He denied that Southerners had Fourth and Fifth Amendment rights in slaves. My point is pretty straightforward: deny people their rights and you deny them their citizenship and their humanity.

What part of that is hard for you to understand, babbler? I'll try to help.

Our friend pecked and sniffed at Southerners' rights. Said they didn't have any. Copped a moralizing stance when he did it. Wake up and smell the coffee, I drew a perfectly logical inference. He denied Southerners their rights out of despite (despite is what you do, when you despise someone -- that's a hint, OK, laughing boy?). Because he doesn't like them, he does the same thing Roger Taney described the law doing with respect to the rights of slaves: they are slaves and property, and therefore they have no rights that a white man need respect. That's called abrogating rights. By abrogating Southerners' property rights in their slaves, our interlocutor denied that these Southerners were citizens, and made them rightless persons. He equated them with slaves.

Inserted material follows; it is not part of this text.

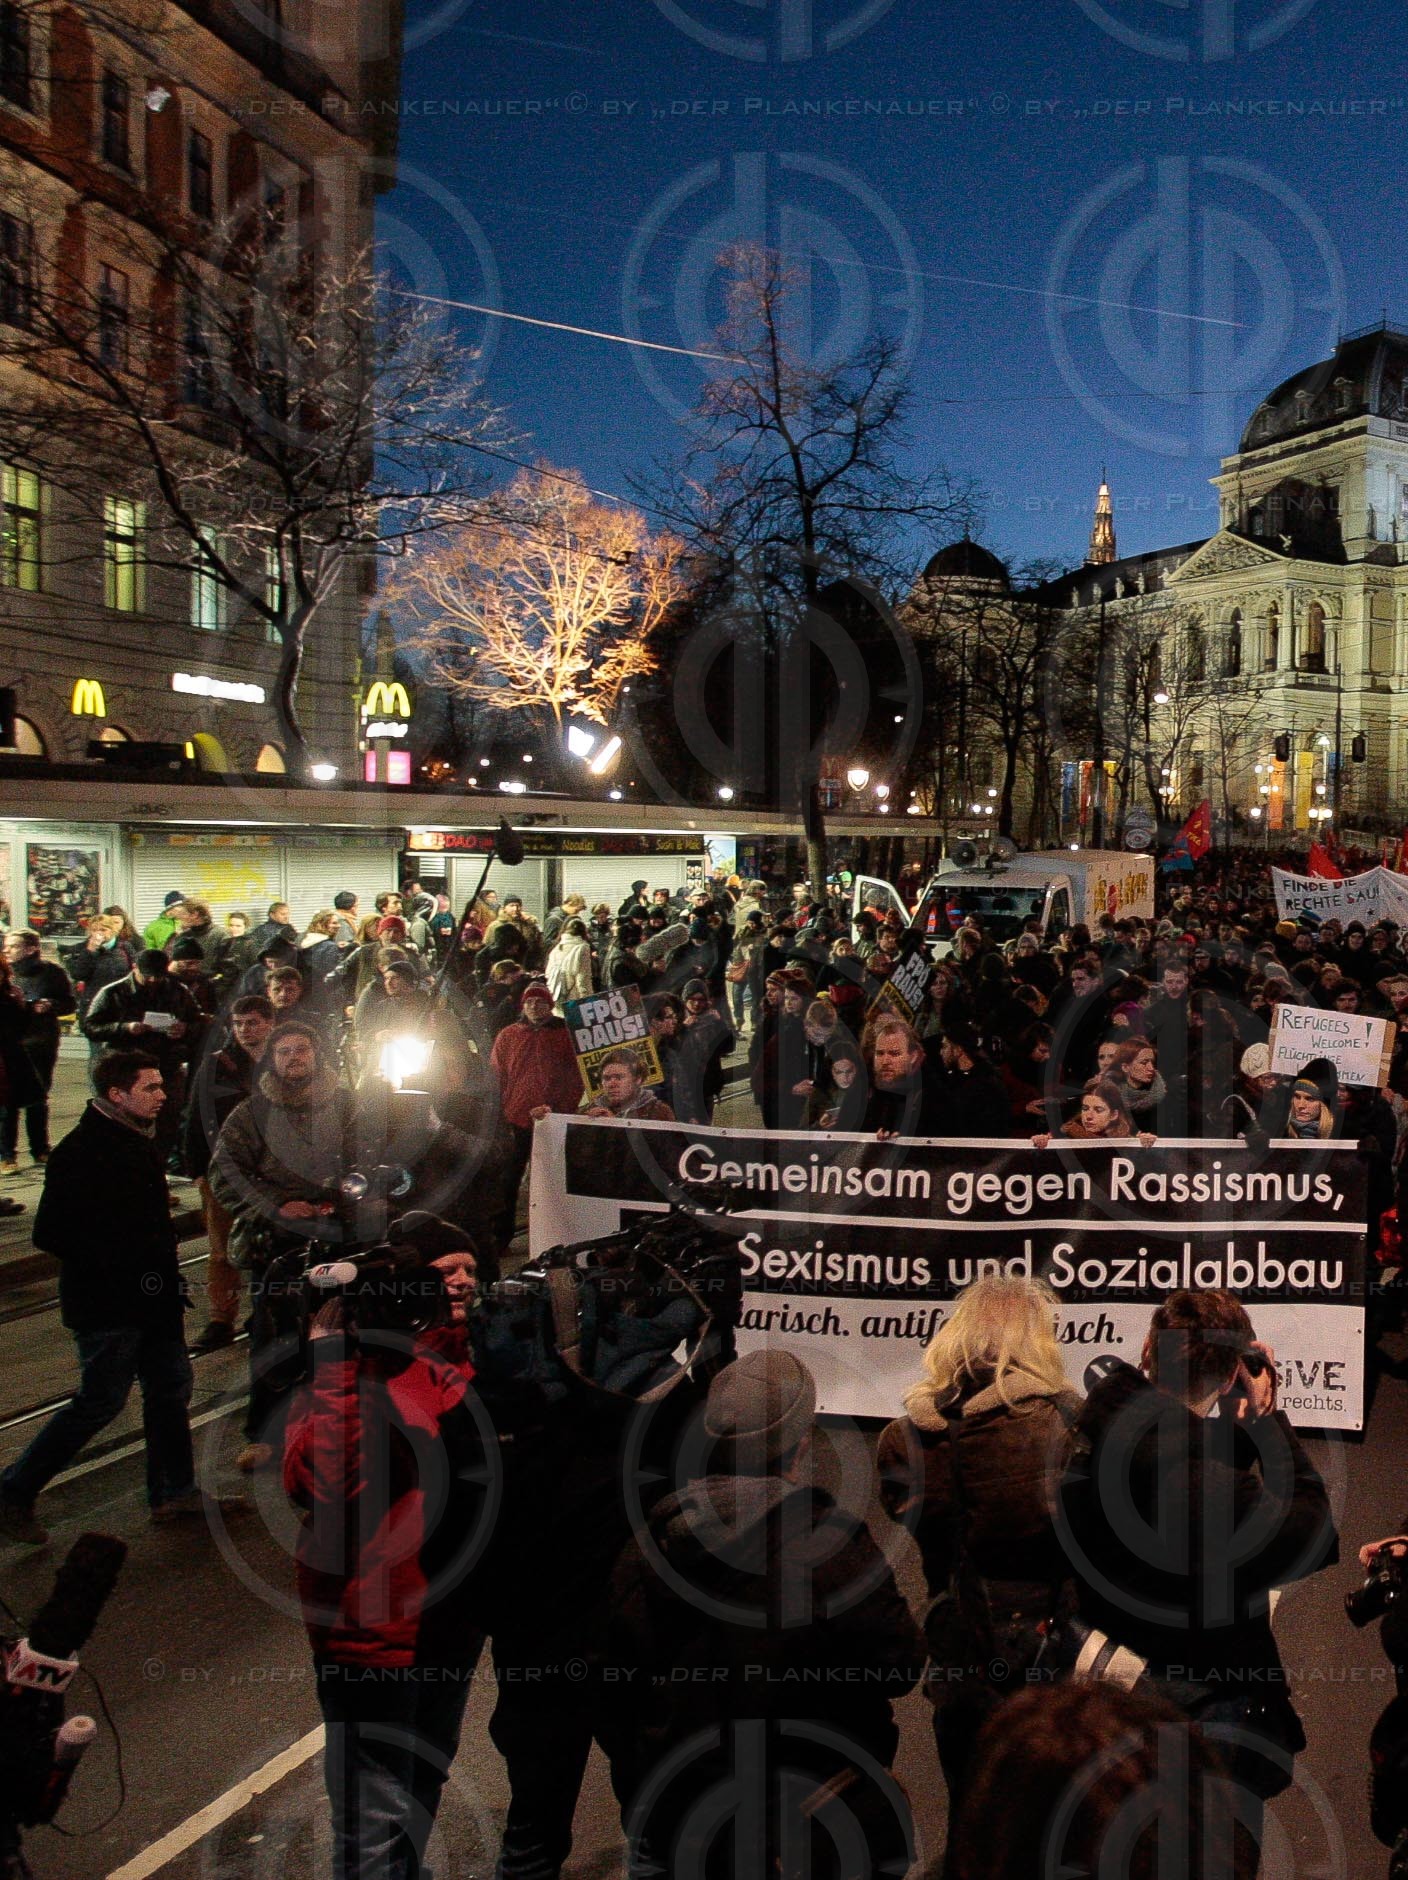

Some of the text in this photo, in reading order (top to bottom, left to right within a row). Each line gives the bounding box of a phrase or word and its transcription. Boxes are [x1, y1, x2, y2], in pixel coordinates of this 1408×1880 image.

How do you dissever one right from others, and say to a person "well, you may have First Amendment rights, but I'll uphold no rights -- recognize no rights, enforce no rights, give you no relief whatever -- that you may claim under the Second, Fourth, Fifth, and Seventh Amendments," without making that person rightless, and less than a citizen? Because if you can say that to a person and make it stick, then you needn't recognize or uphold his First Amendment rights either, because you enjoy despotic power over that person.

That's what our friend just claimed -- the right to tell other people what rights they have, based on where they come from, and who they are. That's despotic, and it's sectional prejudice.

Now do you get it?

370 posted on 11/19/2004 12:21:24 AM PST by lentulusgracchus ("Whatever." -- sinkspur)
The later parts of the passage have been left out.